We recently received a detailed email from a talented Industrial Designer in the tech space about his own long-standing battle to resist change – and the repercussions it’s had on his life.

“I’ve been at the same company since 2005. I’ve seen some huge accounts through their incubation phases, helped develop some of our longest-standing customer relationships, and have basically established myself as a staple character in our office. My career path has been a little unconventional as I’ve sort of bounced back and forth between engineering and production design before solidifying my role as a Senior Designer. I’ve developed small teams and continued to dabble in different engineering projects here and there on top of my design work. I had the flexibility to do my own thing and work on projects I enjoyed, and for a long time, that was enough. The turning point actually came in April of this year when my new boss was hired internally.

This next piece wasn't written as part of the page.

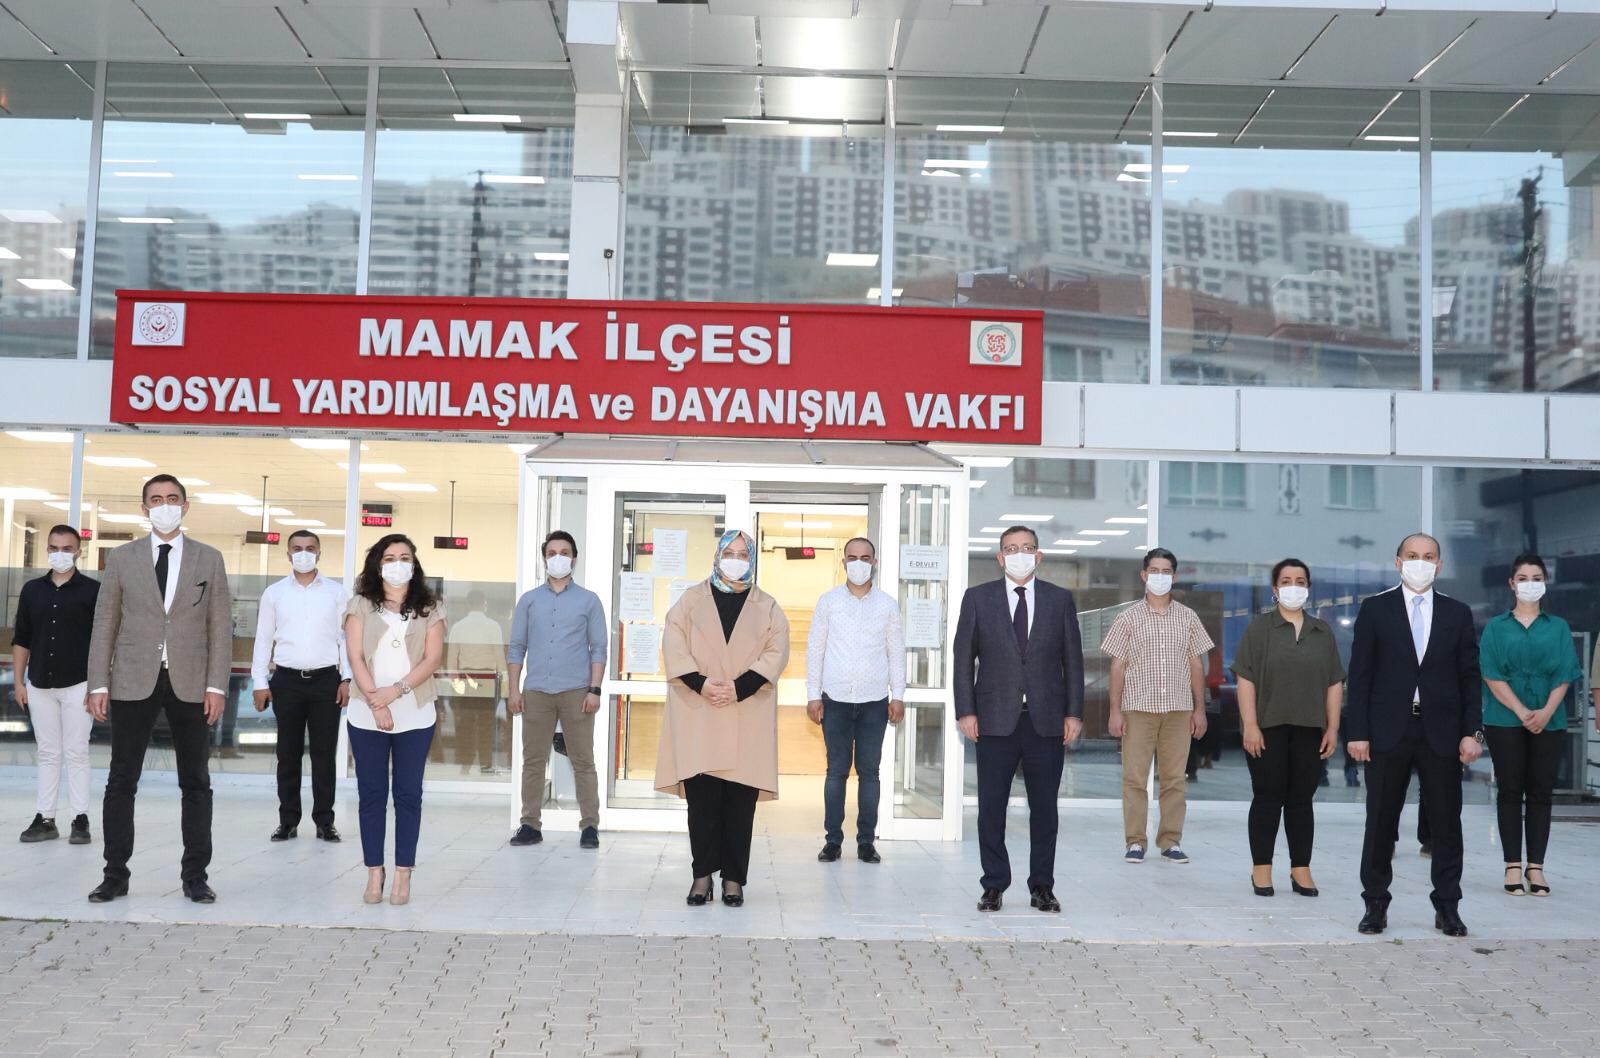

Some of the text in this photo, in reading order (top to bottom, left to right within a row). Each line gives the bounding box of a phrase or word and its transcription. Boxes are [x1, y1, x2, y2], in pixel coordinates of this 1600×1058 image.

[359, 311, 792, 372] MAMAK İLÇESİ
[128, 375, 1025, 433] SOSYAL YARDIMLAŞMA ve DAYANIŞMA VAKFI

More than being passed over for the promotion, the real shock for me was that they had chosen someone several years my junior, who had previously been pretty much sequestered to the production room. Don’t get me wrong, he’s a hard worker but it’s so glaringly apparent to me that he simply doesn’t have the skills or management experience to be running a team – especially one with team members more than a decade his senior. This guy doesn’t know who to delegate what to, and as a result, I find myself saddled with all sorts of unexciting junior designer work. The more I do, the more I’m given – and it doesn’t seem to be getting me anywhere.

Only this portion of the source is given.